Breast milk has no long-term cognitive effects – Study

It has long been thought that breastfeeding improves a baby’s mental capacity; a newly released study has found it has no long-term cognitive benefits.

According to the findings of the study published in the journal ‘Pediatrics,’ after following breastfed childrens from the time they were nine months old to age five, researchers found that children who were breastfed for at least six months had reduced hyperactivity and showed better problem-solving skills when they were three years old. When the children were evaluated again at age five the differences were insignificant. Breastfeeding, also known as nursing, is the feeding of babies and young child with milk from a woman’s breast.

Health professionals recommend that breastfeeding begin within the first hour of a baby’s life and continue as often and as much as the baby wants.
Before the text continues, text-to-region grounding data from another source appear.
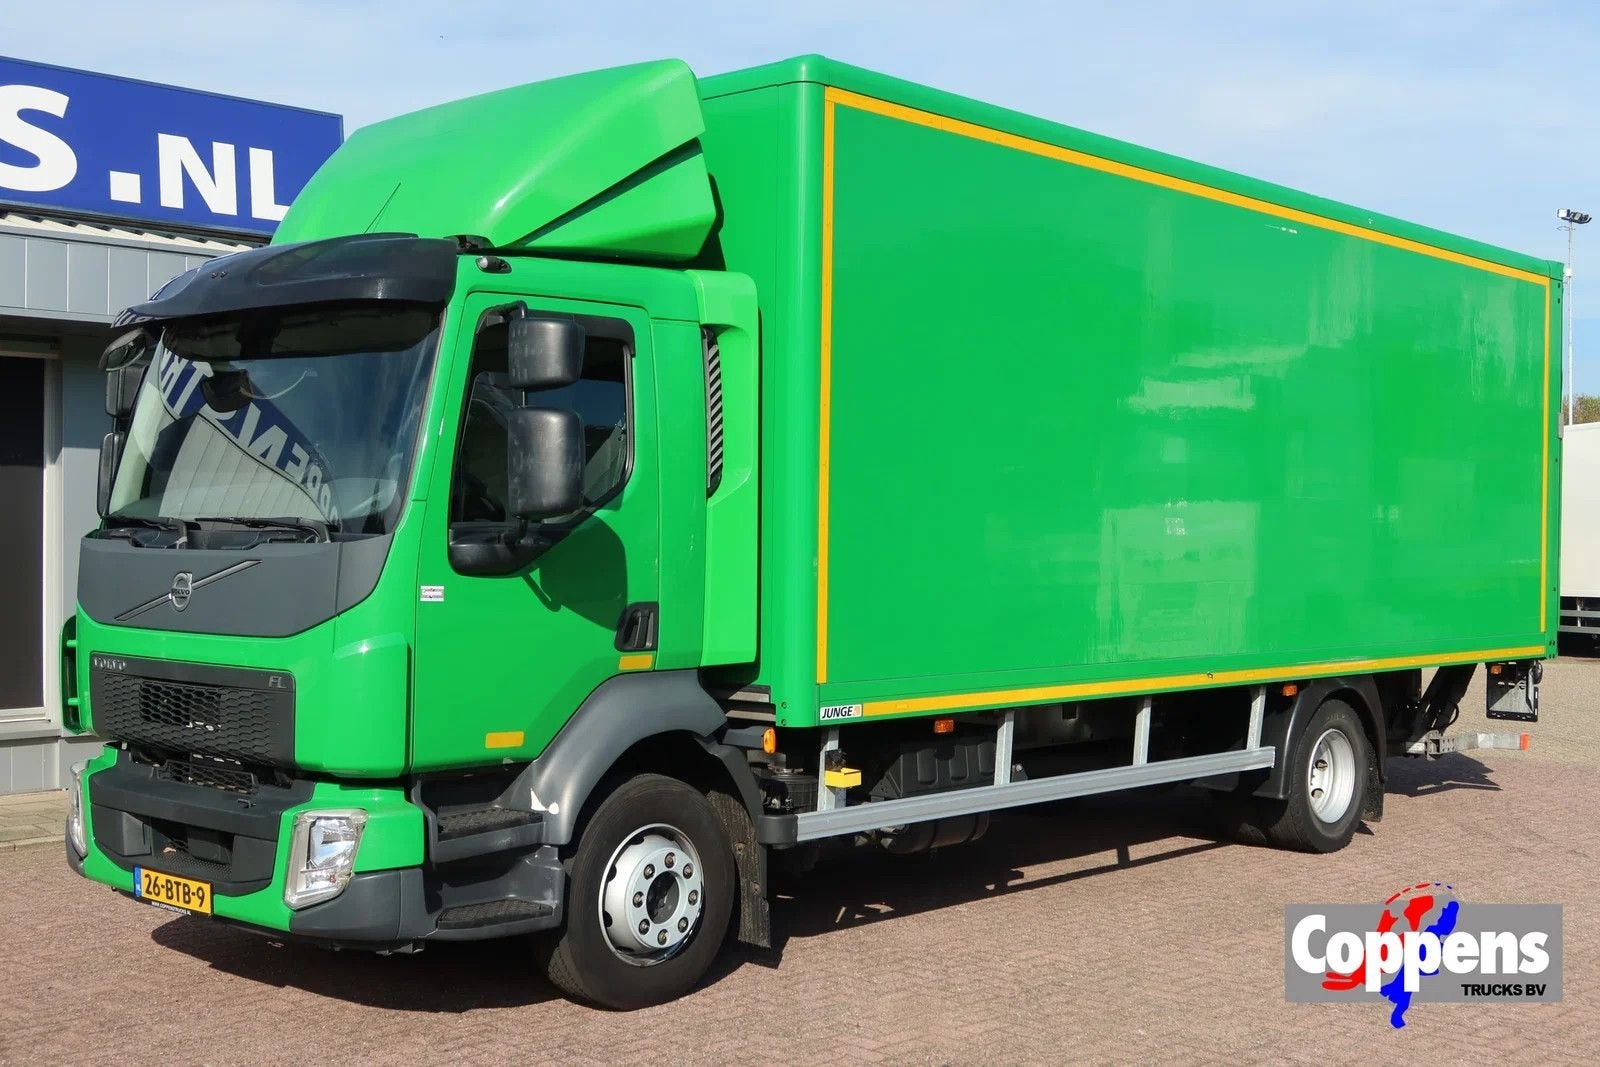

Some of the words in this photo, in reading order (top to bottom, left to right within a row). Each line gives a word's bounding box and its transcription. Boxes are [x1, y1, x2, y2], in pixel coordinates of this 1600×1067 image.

[94, 656, 126, 670] VOLVO
[268, 676, 287, 689] FL
[822, 706, 853, 719] JUNGE
[145, 873, 205, 908] 26-BTB-9
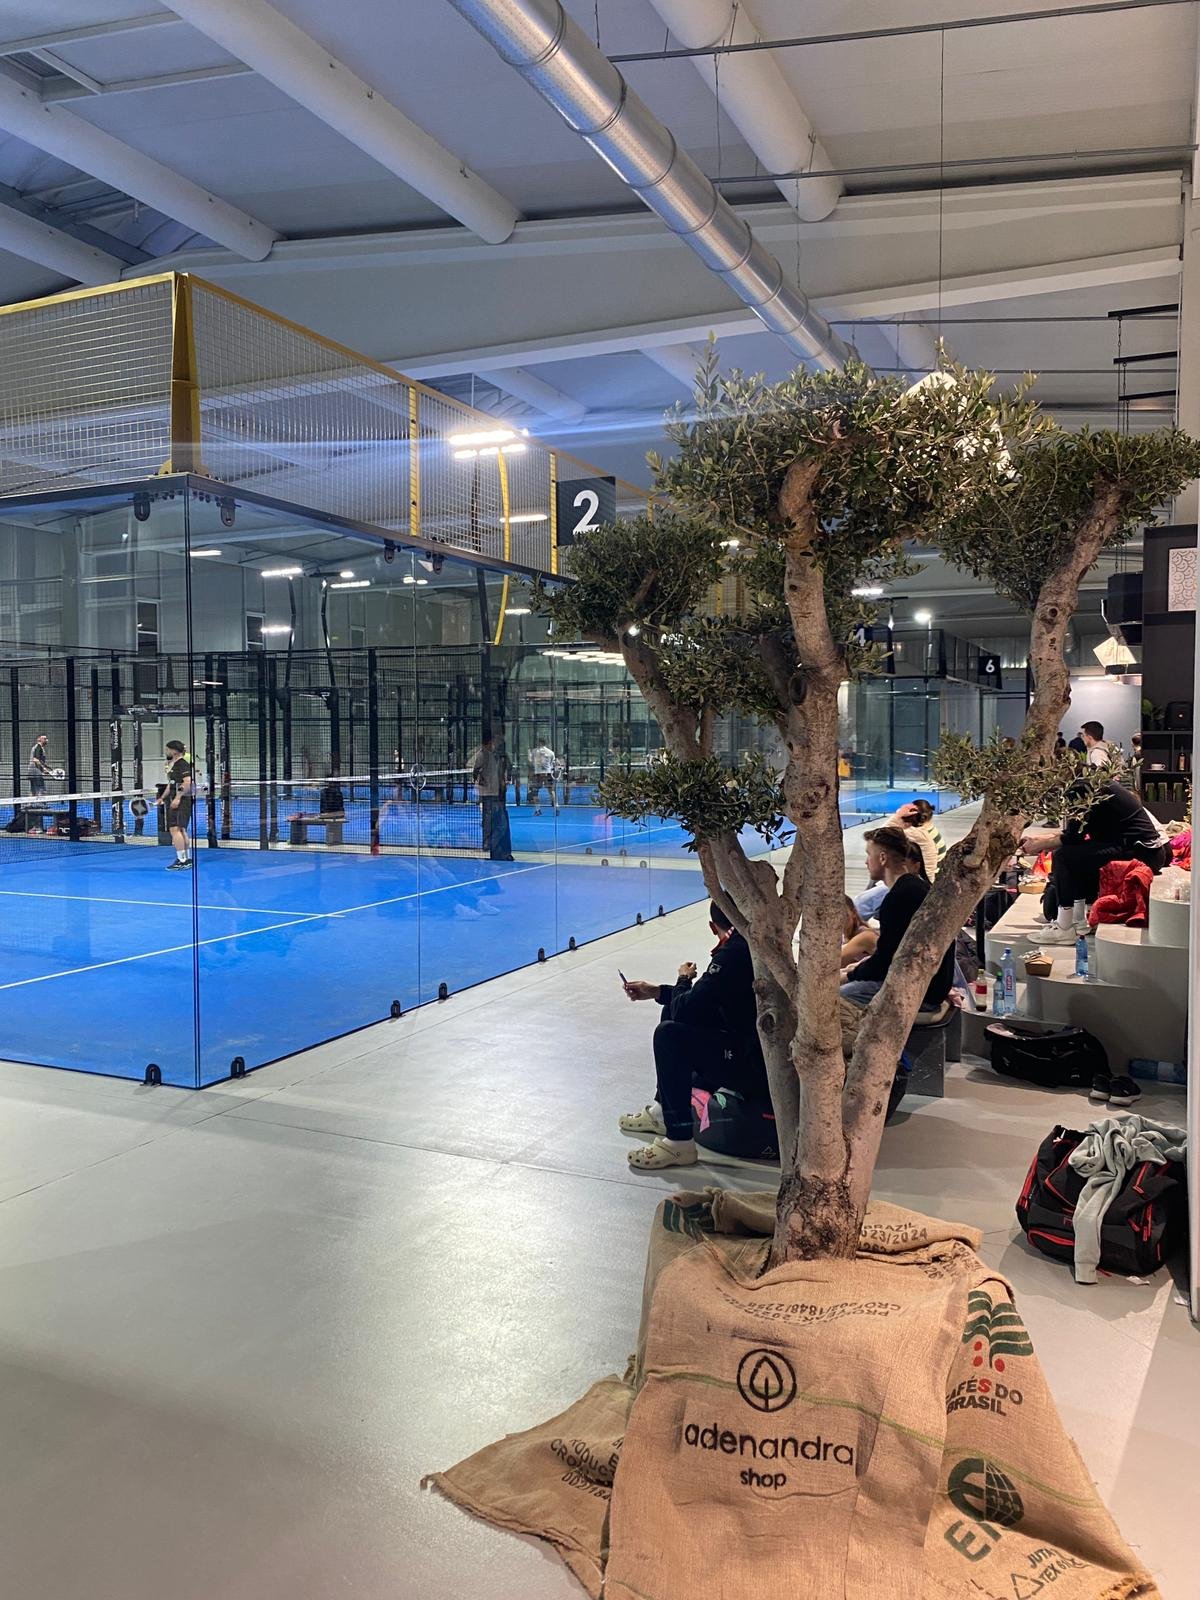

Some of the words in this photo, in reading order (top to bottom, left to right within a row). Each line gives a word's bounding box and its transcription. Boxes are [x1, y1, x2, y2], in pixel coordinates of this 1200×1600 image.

[573, 489, 600, 535] 2
[985, 659, 995, 673] 6
[995, 1383, 1023, 1405] DO
[684, 1422, 853, 1466] adenandra
[740, 1468, 787, 1490] shop
The Newsweek published that the scientists followed 7,478 Irish babies and tested their vocabulary and problem-solving abilities when they were three years old and again when they turned five.

The report said although, children who came from more educated families or better financial circumstances, reported higher problem-solving skills and vocabulary during the study, when those variables were removed and the data was randomised, breastfeeding had no real impact on a child’s development, said study author, Lisa-Christine Girard. Although, intelligence may not be affected by breastfeeding, breast milk has been proven to be beneficial in preventing a variety of health risks – while formula feeding has been linked to increased childhood infections, inflammation, weakened immune function and higher chances of respiratory infections. In the United States, 81.1 per cent of infants born in 2013 were breastfeeding at six months while 30.7 per cent of babies were breastfeeding at 12 months, according to the Centers for Disease Control.